Work required — Print out the data precisely as it appears here, with no pictures.
◆ ◆ ◆
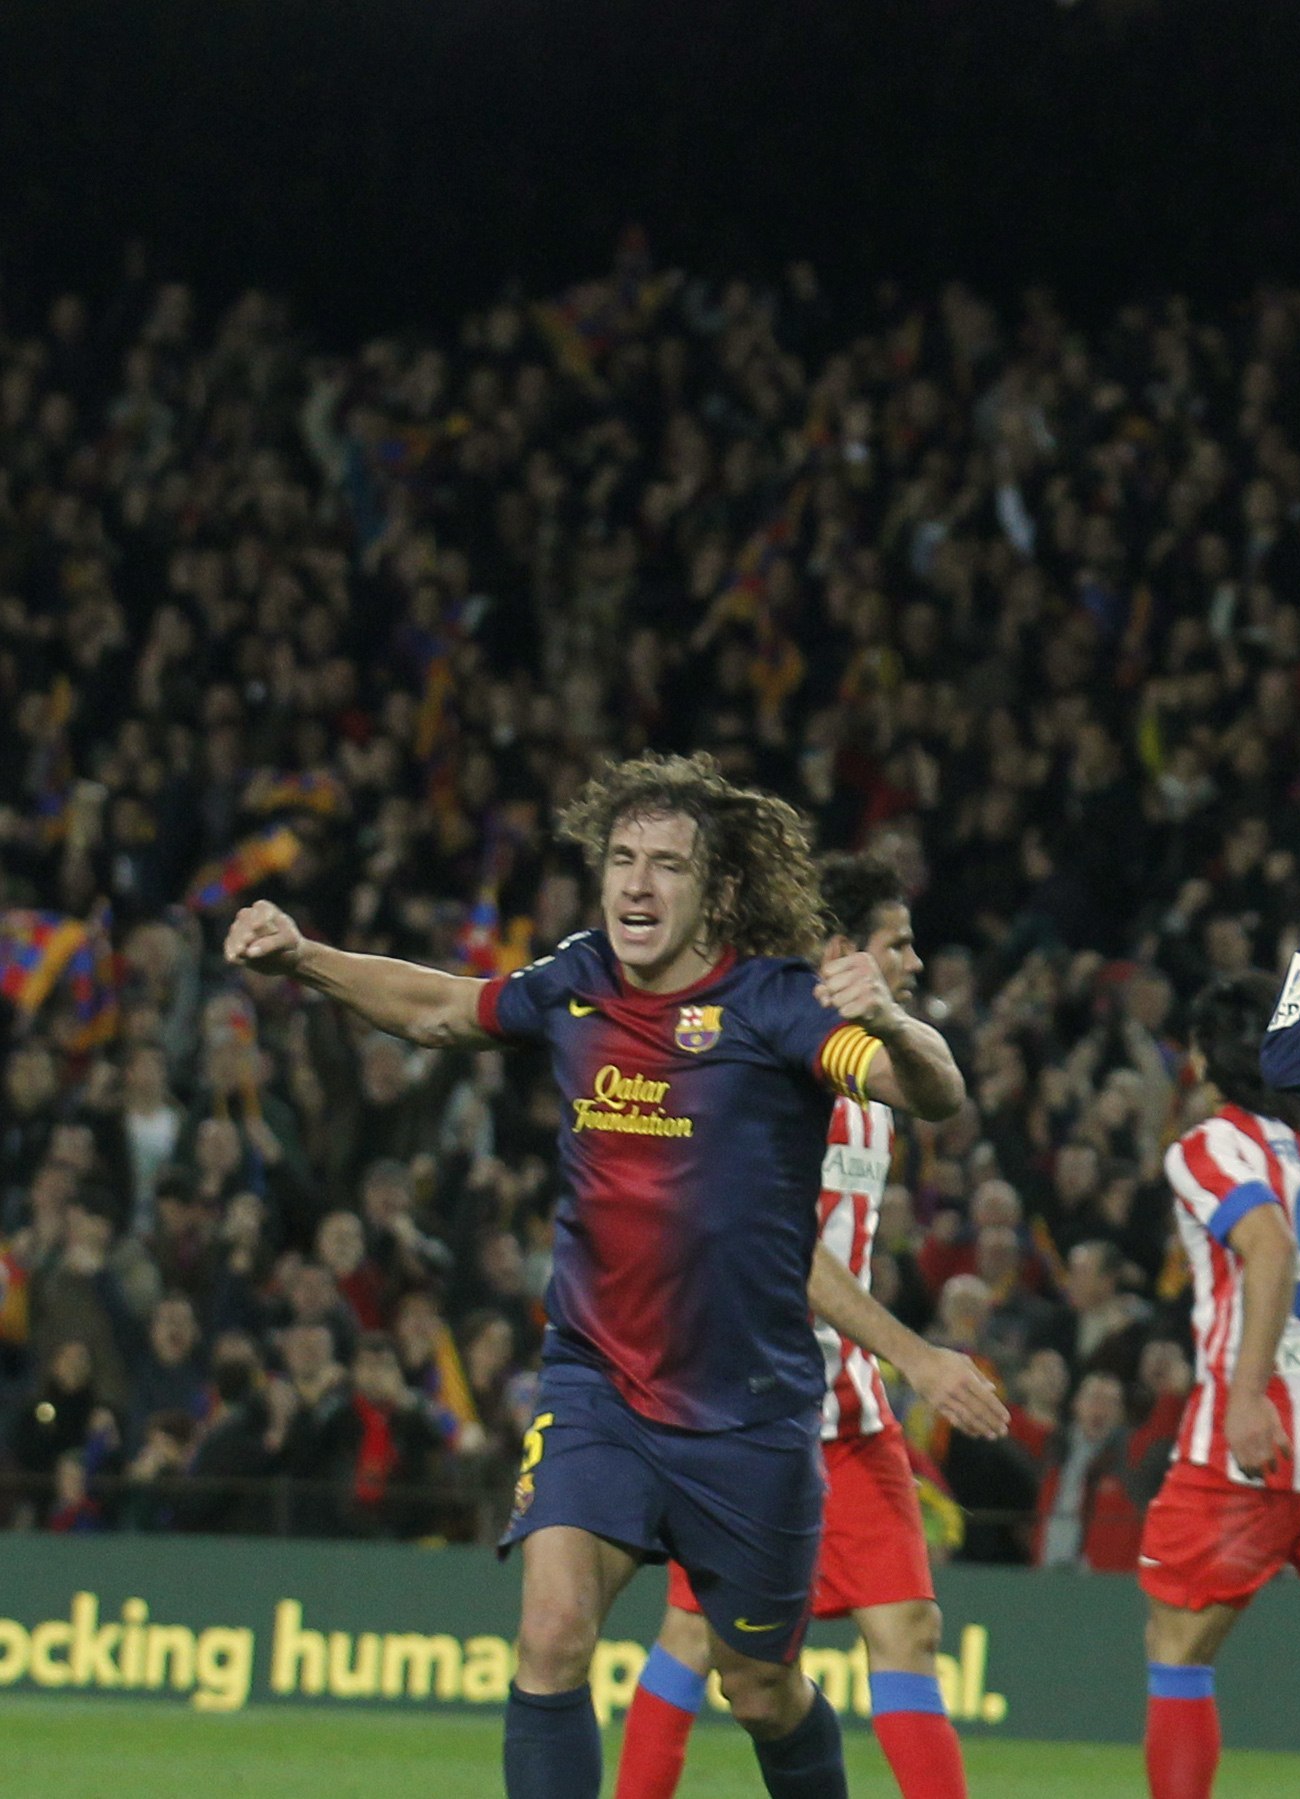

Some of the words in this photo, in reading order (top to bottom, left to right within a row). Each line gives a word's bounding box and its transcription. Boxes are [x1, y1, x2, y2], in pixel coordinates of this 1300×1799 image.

[594, 1064, 671, 1110] Qatar
[572, 1098, 693, 1138] Foundation
[520, 1411, 554, 1473] 5
[0, 1591, 254, 1712] ocking
[270, 1599, 516, 1703] huma
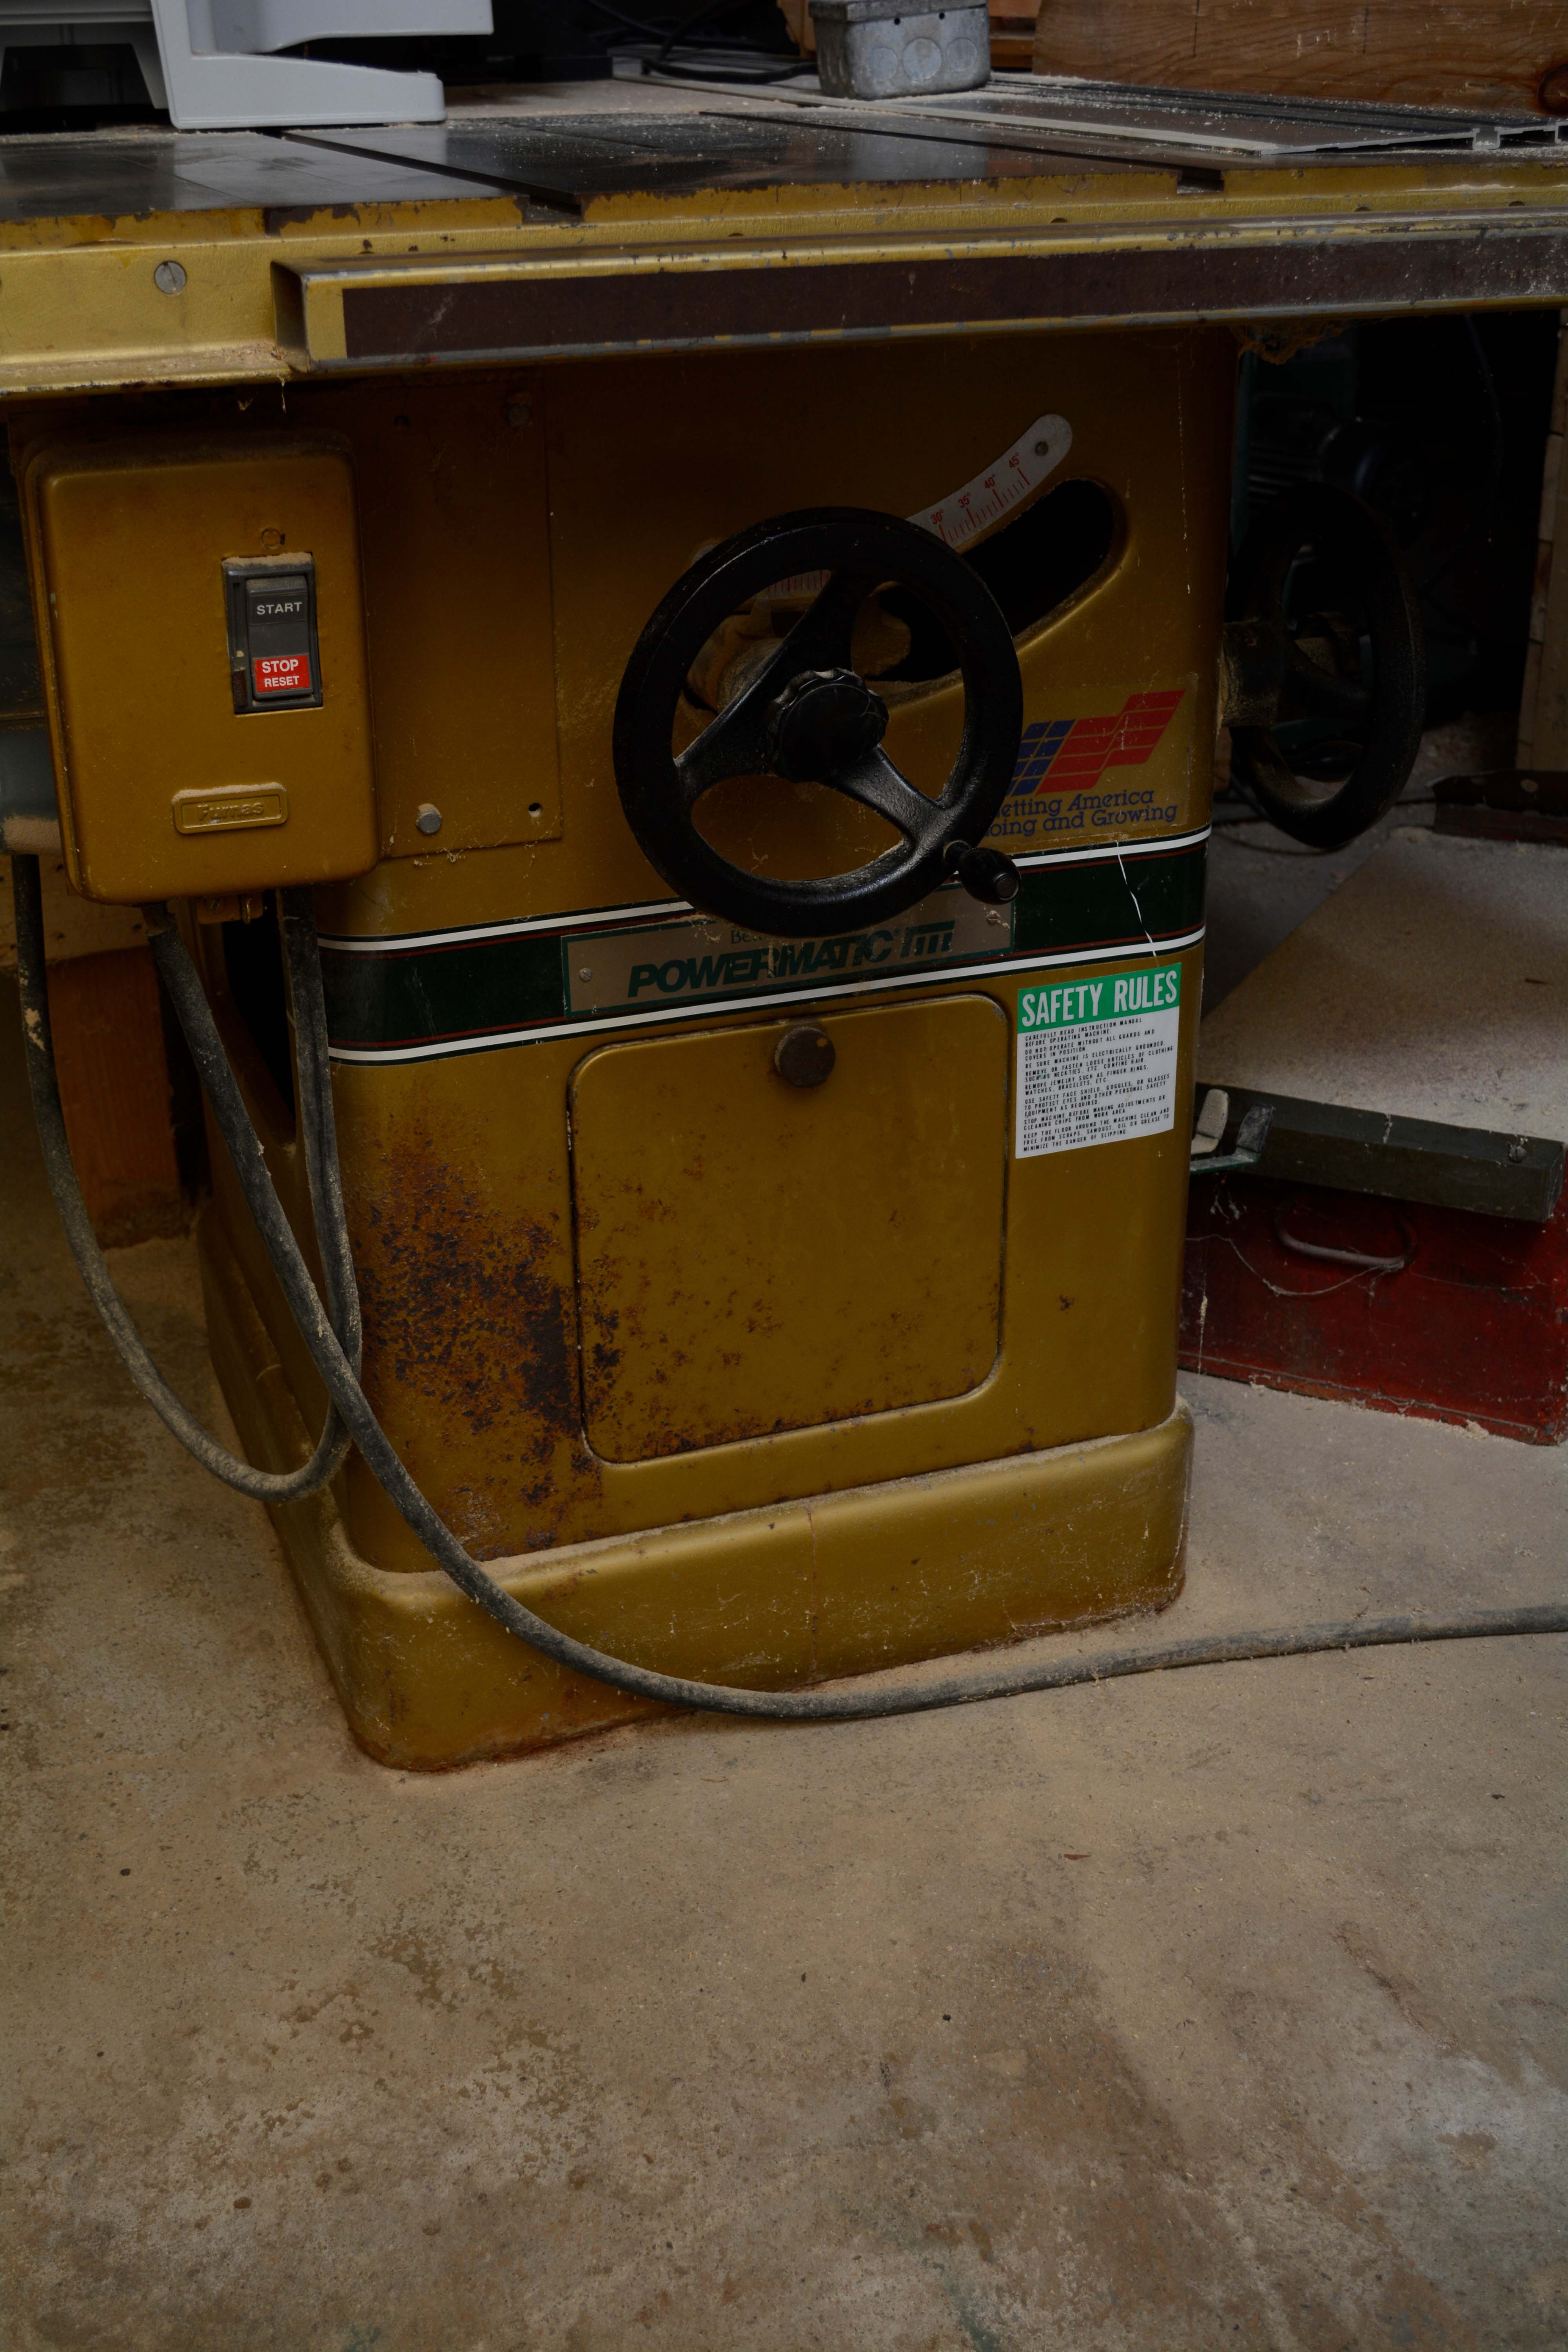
◆ ◆ ◆
Task output —
Some of the words in this photo, in reading order (top to bottom, left to right within a row). Each line gives a word's bounding box and its transcription. Boxes are [x1, y1, x2, y2], in pixel coordinates of this 1300×1799 image.

[594, 1064, 671, 1110] Qatar
[572, 1098, 693, 1138] Foundation
[520, 1411, 554, 1473] 5
[0, 1591, 254, 1712] ocking
[270, 1599, 516, 1703] huma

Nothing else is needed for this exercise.